Le povere bestie sono tradite dalla madre natura. La natura dice loro – Reagite!-Ed esse reagiscono addentando quelle istigatrici falde. Allora il serparo tira a sé , con violenza il cappello; e le serpi perdono i più robusti denti. Le bestie così sdentate si fanno entrare in grosse pentole di creta tra la crusca , si coperchiano, e si sotterrano in un luogo fresco. Ma nel farvele entrare ci vuole un po’ di accorgimento. Si fa un buco nel coperchio , ovvero si scansa un poco il coperchio , tanto che vi sia una breve apertura. Per quel buco o per quell’apertura ,la prima serpe può entrare dalla via della testa; le altre dalla coda , seno, non c’è caso che entrino. Forse chi entra prima si avventa a chi viene dopo : e questo perciò arretra. C’è poi delle serpi che non si seppelliscono , ma si chiudono in cassette o scatole e si alimentano con il latte. Queste prendono il colore lattino e si chiamano serpi bianche.

Il primo giovedì di maggio i serpari disseppelliscono le pentole ,tirano fuori le serpi ( un centinaio , più o meno in tutto) e le recano in giro per il paese a manate. In quel giorno ricorre la festa di S. Domenico da Foligno , che nelle sue sante peregrinazione, lasciò a Cocullo un prezioso ricordo d’un ferro del piede della sua mula . Il quale fatto si commemora ancora con la vendita di certi ferretti ,dalla forma di ferro di cavallo, aventi la sola appendice di una cuspide o assicella ritorta o acuminata , che si prolunga ad angolo retto da un’estremità del ferretto! La cuspide serve alle donne per forare la stoffa , quando vogliono fare occhielli ; la parte a modo di ferro di cavallo serve per devozione. Una volta questa parte di fero si faceva arroventare e si imprimeva sui polsi e sulle braccia e sul petto dei devoti , come “tatuaggio” preservativo dei dolori di denti e di morsi di anumali idrofobi. Oggi non si fa il “ tatuaggio”, ma si poggia il ferro sui denti guasti e sulle fericte venefiche. A proposito altra vendita che si fa per devozione e per piccola industria delle femminucce , è quella delle matassine di lacci lavorati con cotone bianco , a cui nella tessitura si innestano , per formare come nodi di canna, alcuni fiocchetti di cotone colorato in rosso, verde e turchino. Questi lacci, sempre per devozione , sono legati ai polsi , sono messi a ciocche nelle spalliere dalle donne o avvolti nei cappelli degli uomini o si serbano in borsette e scapolari. S’intende che ferretti9 e laccetti non hanno efficacia se non strusciano sulla reliquia o sulla statua del santo. Nello stesso modo si benedicono fazzoletti, cappelli , medaglie corone,chiavi, collane, anellini, ecc.
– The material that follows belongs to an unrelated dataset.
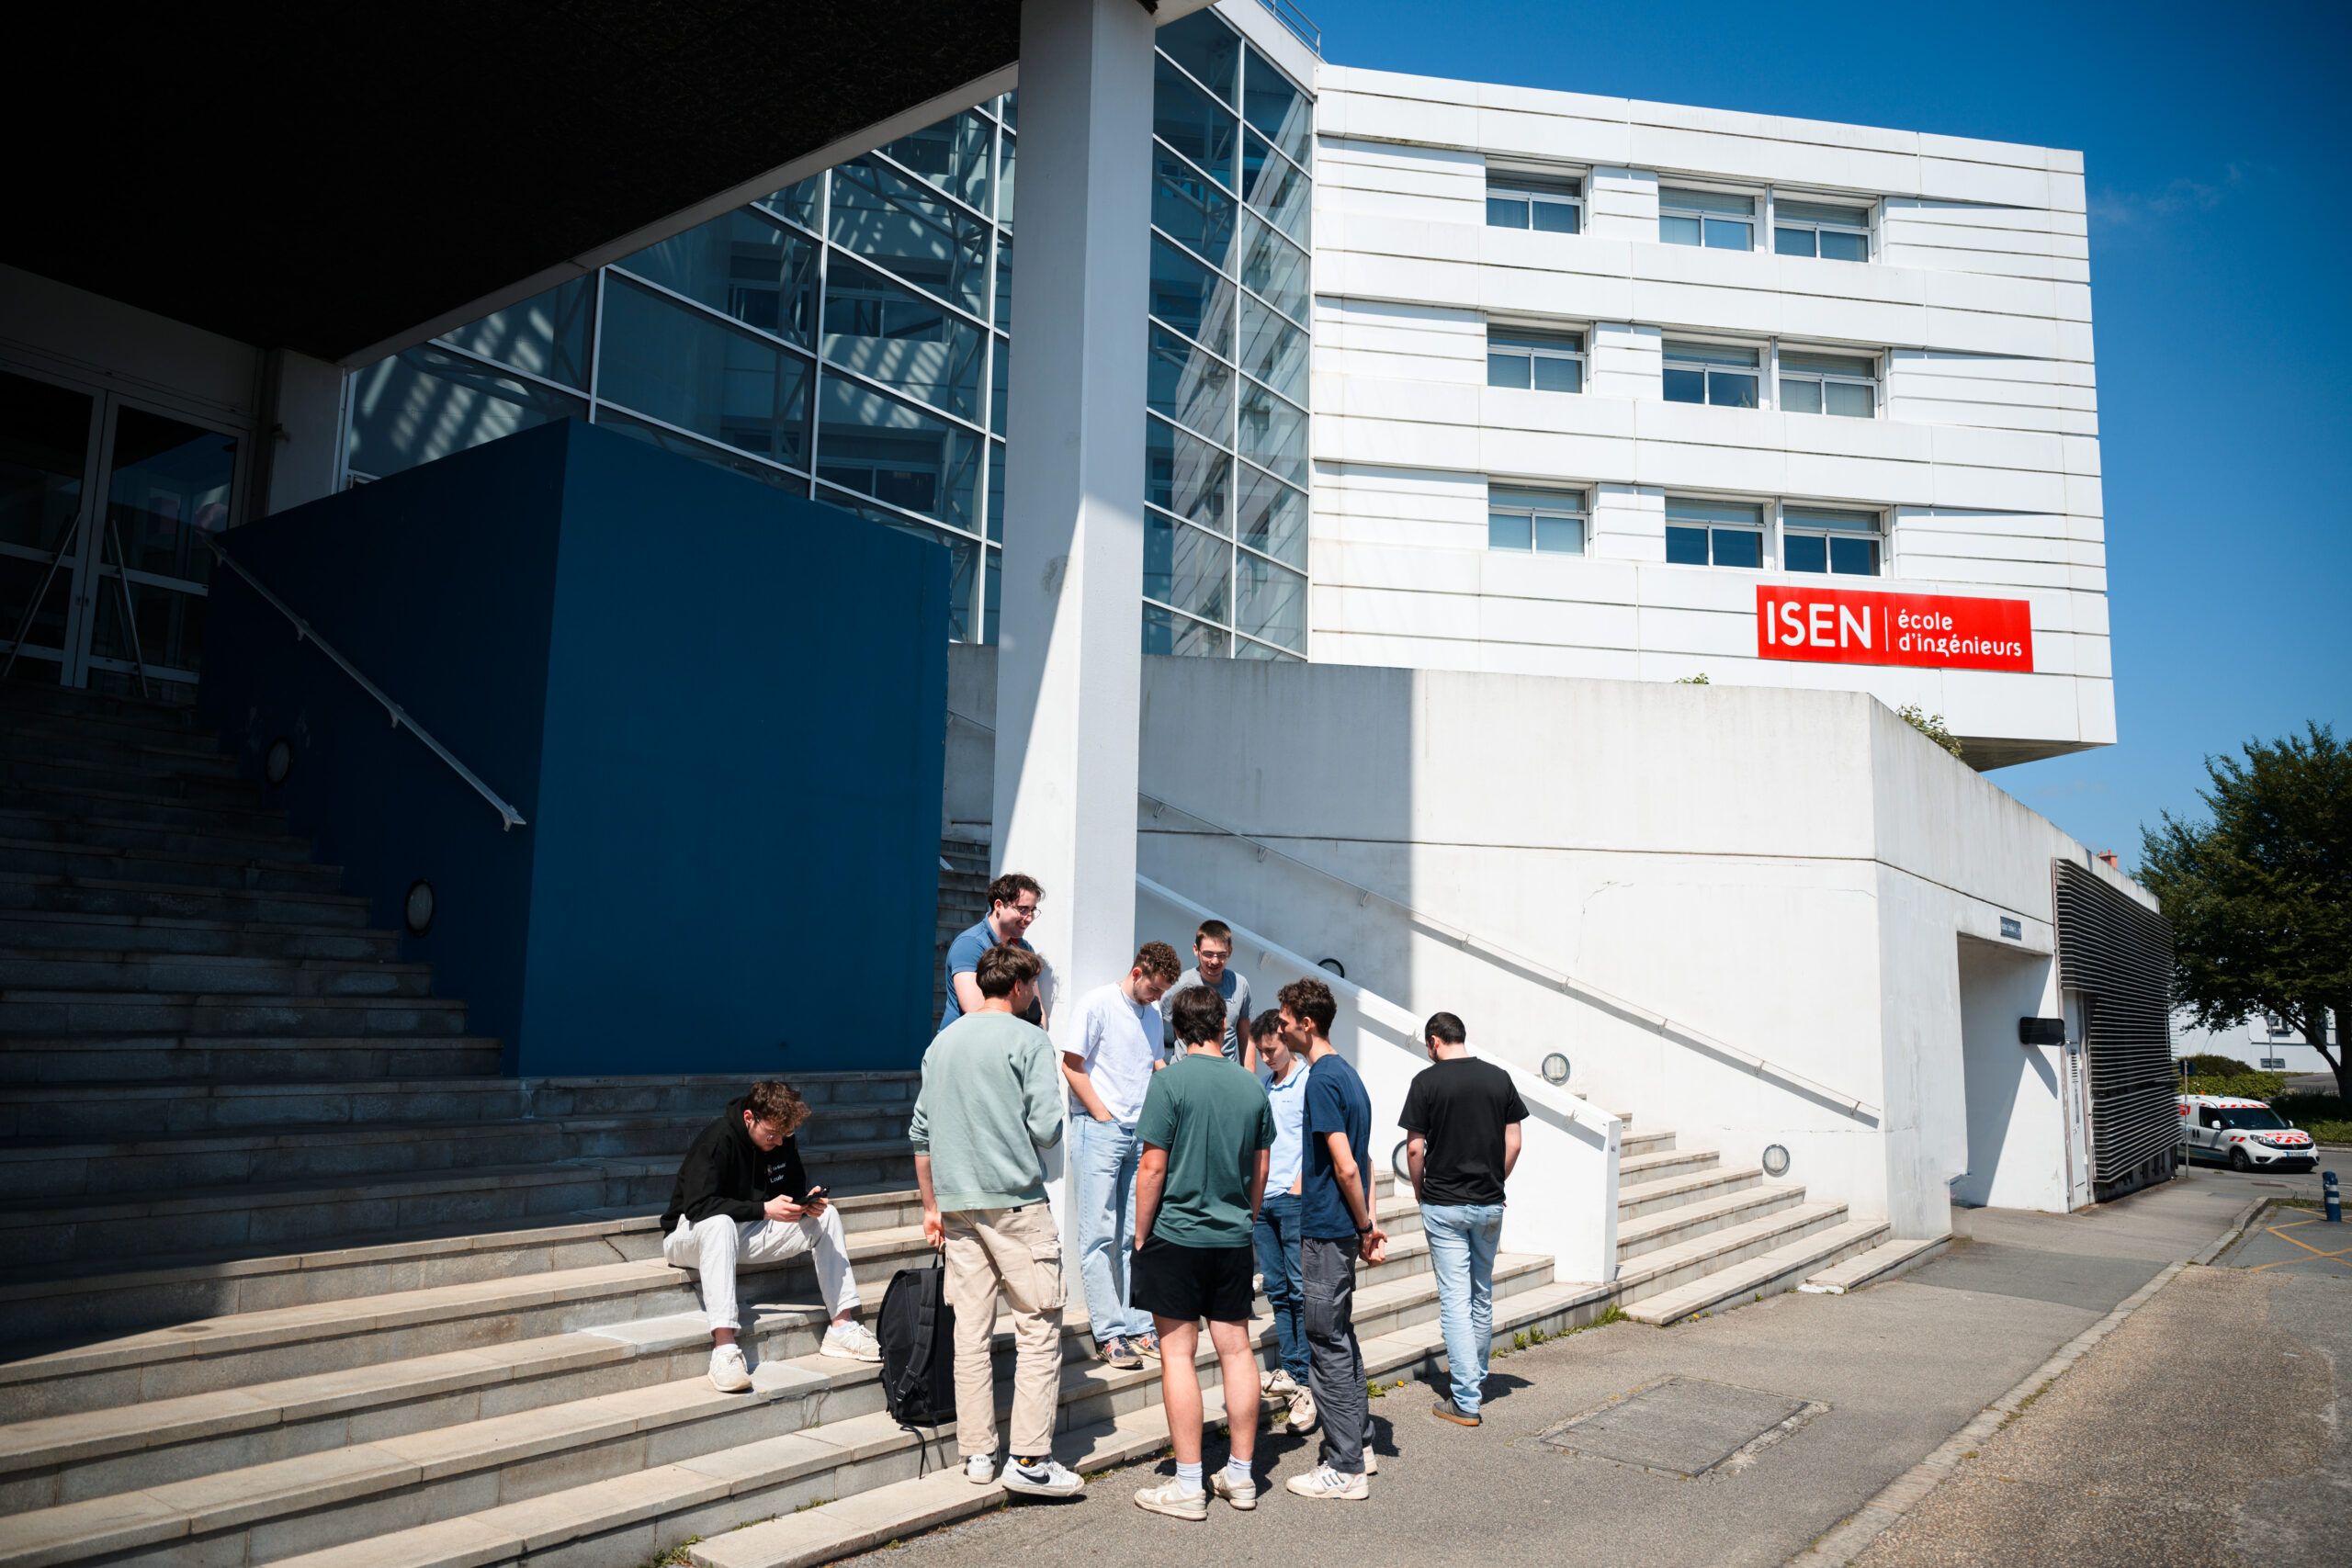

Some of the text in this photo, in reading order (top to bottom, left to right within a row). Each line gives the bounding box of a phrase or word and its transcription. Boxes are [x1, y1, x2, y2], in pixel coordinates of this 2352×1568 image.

[1767, 601, 1871, 649] ISEN
[1897, 608, 1953, 631] école
[1898, 633, 2022, 658] d'ingénieurs
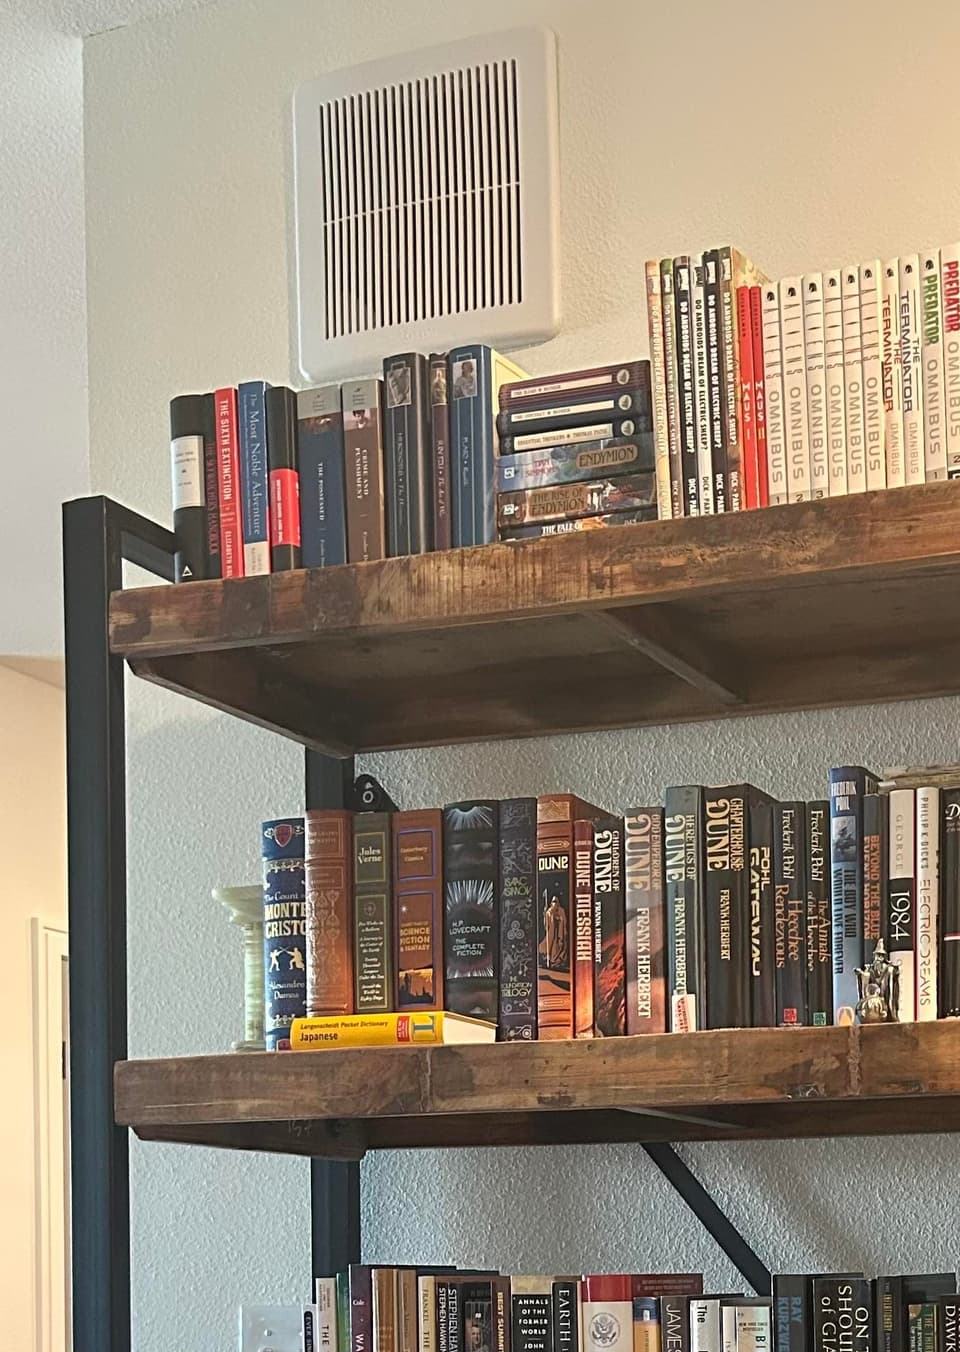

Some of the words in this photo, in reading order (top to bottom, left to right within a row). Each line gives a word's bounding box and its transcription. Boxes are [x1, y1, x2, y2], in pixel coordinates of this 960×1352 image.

A San Domenico si ricorre in ogni evenienza di morsicature velenose. Chi è stato morso o chi è idrofobo , all’entrare nel territorio di Cocullo o guarisce o muore. Chi torna a casa guarito vuol dire che è vivo. La vigilia e anche la mattina della festa , giungono a Cocullo numerose carovane dai paesi vicini, ma più dalle limitrofe province di Caserta e di Roma cantando la “ Viva Maria “. I divoti si trascinano ginocchioni , con le ginocchia nude , dalla soglia della chiesa fino alla statua del santo ,battendosi africanamente il petto con i pugni . Poi scrostano il calcinaccio delle pareti e lo conservano per devozione. Prendono anche con i denti la fune della campanella della chiesa, e tirano per non più soffrire dolori di denti. Ma dico io, un vecchio sdentato perché si affanna a tirare? O tirava perchè ci aveva preso gusto o tirava per farsi indurire le gengive.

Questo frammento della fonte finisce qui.